DATASET RECORDS:
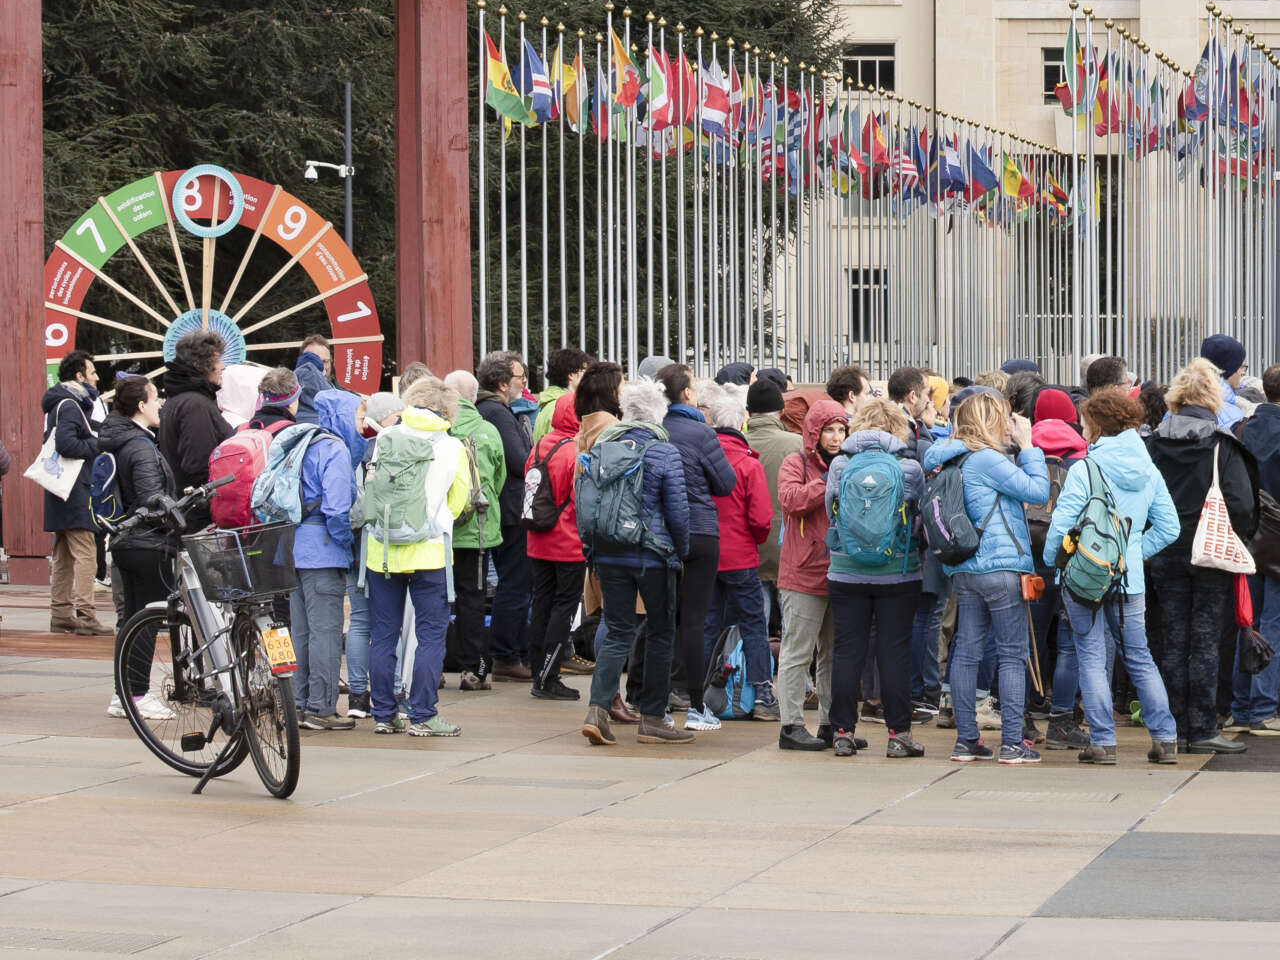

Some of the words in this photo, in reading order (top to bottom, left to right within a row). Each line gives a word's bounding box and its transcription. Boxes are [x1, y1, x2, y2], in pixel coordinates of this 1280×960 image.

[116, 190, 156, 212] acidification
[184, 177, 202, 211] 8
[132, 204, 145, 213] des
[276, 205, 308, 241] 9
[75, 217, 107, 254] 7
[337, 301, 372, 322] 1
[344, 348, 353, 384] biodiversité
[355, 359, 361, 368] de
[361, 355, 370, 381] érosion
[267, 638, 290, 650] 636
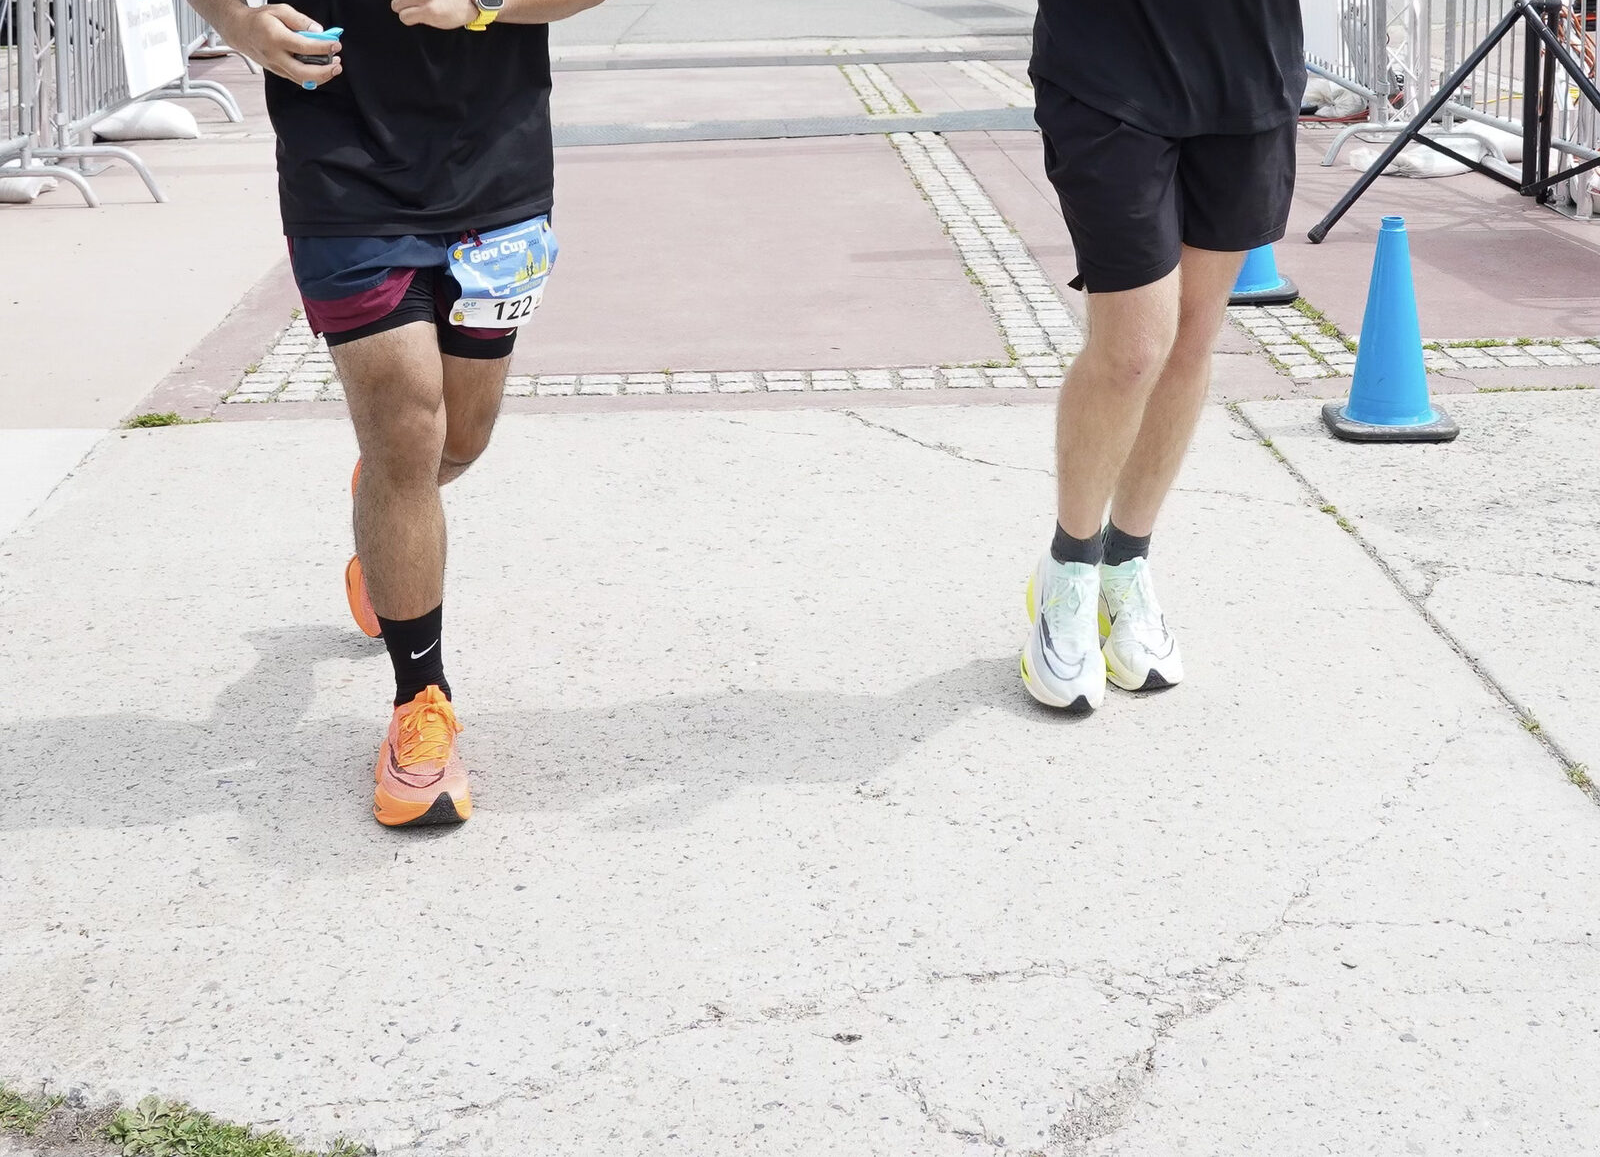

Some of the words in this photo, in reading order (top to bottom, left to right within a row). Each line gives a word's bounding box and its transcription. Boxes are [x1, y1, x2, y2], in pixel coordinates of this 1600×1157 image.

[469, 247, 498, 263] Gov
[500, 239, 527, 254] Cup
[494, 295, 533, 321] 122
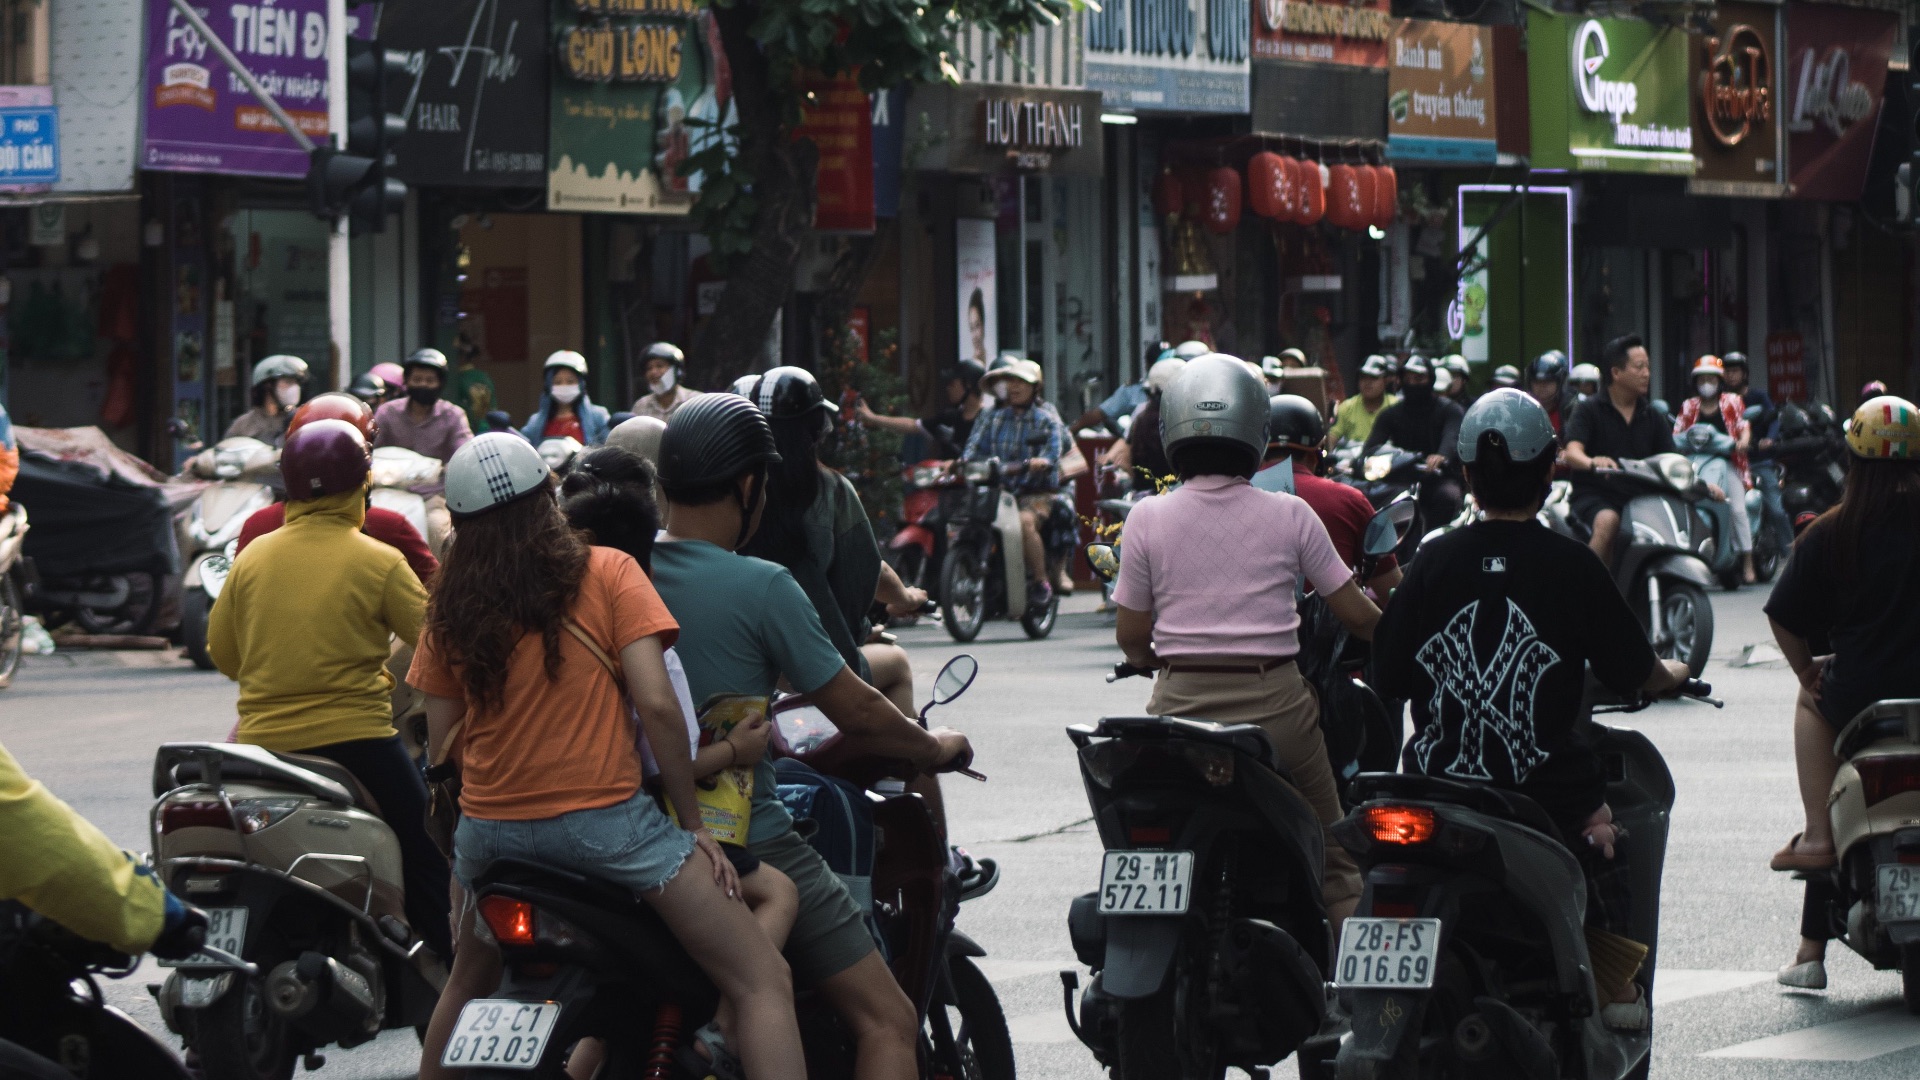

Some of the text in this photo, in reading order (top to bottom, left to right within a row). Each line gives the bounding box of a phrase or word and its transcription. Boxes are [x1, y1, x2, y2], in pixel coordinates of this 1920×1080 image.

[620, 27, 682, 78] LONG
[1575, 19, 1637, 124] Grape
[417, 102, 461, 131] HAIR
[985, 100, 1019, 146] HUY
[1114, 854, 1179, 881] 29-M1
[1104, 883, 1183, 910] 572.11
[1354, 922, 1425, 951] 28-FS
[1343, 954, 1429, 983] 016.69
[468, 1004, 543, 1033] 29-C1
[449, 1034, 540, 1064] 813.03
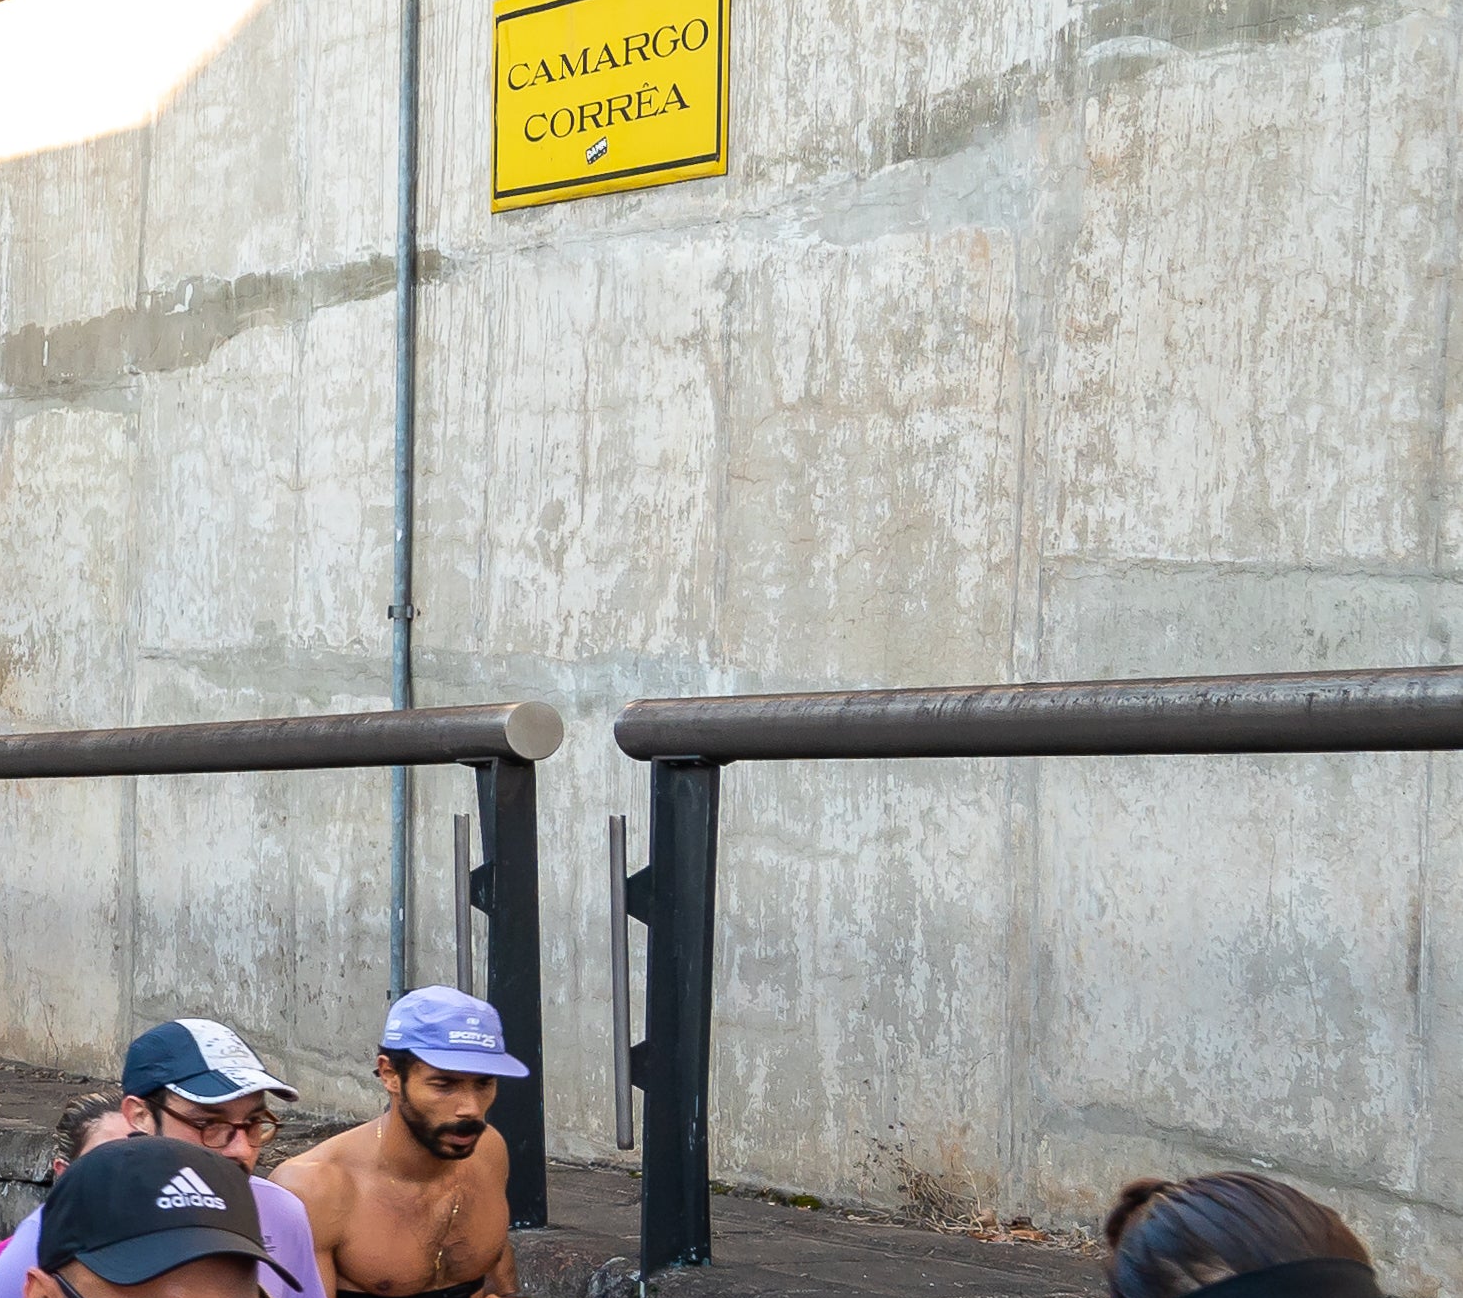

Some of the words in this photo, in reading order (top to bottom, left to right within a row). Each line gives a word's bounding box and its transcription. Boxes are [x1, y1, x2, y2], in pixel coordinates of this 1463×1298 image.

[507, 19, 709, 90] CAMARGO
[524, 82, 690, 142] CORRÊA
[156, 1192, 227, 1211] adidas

WORK TASK: Return all of the material above unchanged, minus its pictures.

ANSWER TO THIS EXERCISE:
Some of the words in this photo, in reading order (top to bottom, left to right within a row). Each line gives a word's bounding box and its transcription. Boxes are [x1, y1, x2, y2], in pixel coordinates of this 1280×960 image.

[116, 190, 156, 212] acidification
[184, 177, 202, 211] 8
[132, 204, 145, 213] des
[276, 205, 308, 241] 9
[75, 217, 107, 254] 7
[337, 301, 372, 322] 1
[344, 348, 353, 384] biodiversité
[355, 359, 361, 368] de
[361, 355, 370, 381] érosion
[267, 638, 290, 650] 636

Some of the words in this photo, in reading order (top to bottom, left to right within a row). Each line gives a word's bounding box and its transcription. Boxes are [x1, y1, x2, y2], in pixel coordinates of this 1600×1157 image.

[469, 247, 498, 263] Gov
[500, 239, 527, 254] Cup
[494, 295, 533, 321] 122

Some of the text in this photo, in reading order (top to bottom, left to right within a row). Each line gives the bounding box of a phrase or word and its transcription. Boxes are [x1, y1, x2, y2], in pixel coordinates of this 1920×1080 image.

[620, 27, 682, 78] LONG
[1575, 19, 1637, 124] Grape
[417, 102, 461, 131] HAIR
[985, 100, 1019, 146] HUY
[1114, 854, 1179, 881] 29-M1
[1104, 883, 1183, 910] 572.11
[1354, 922, 1425, 951] 28-FS
[1343, 954, 1429, 983] 016.69
[468, 1004, 543, 1033] 29-C1
[449, 1034, 540, 1064] 813.03

Some of the words in this photo, in reading order (top to bottom, left to right within a row). Each line gives a word's bounding box and its transcription. Boxes are [x1, y1, x2, y2], in pixel coordinates of this 1463×1298 image.

[507, 19, 709, 90] CAMARGO
[524, 82, 690, 142] CORRÊA
[156, 1192, 227, 1211] adidas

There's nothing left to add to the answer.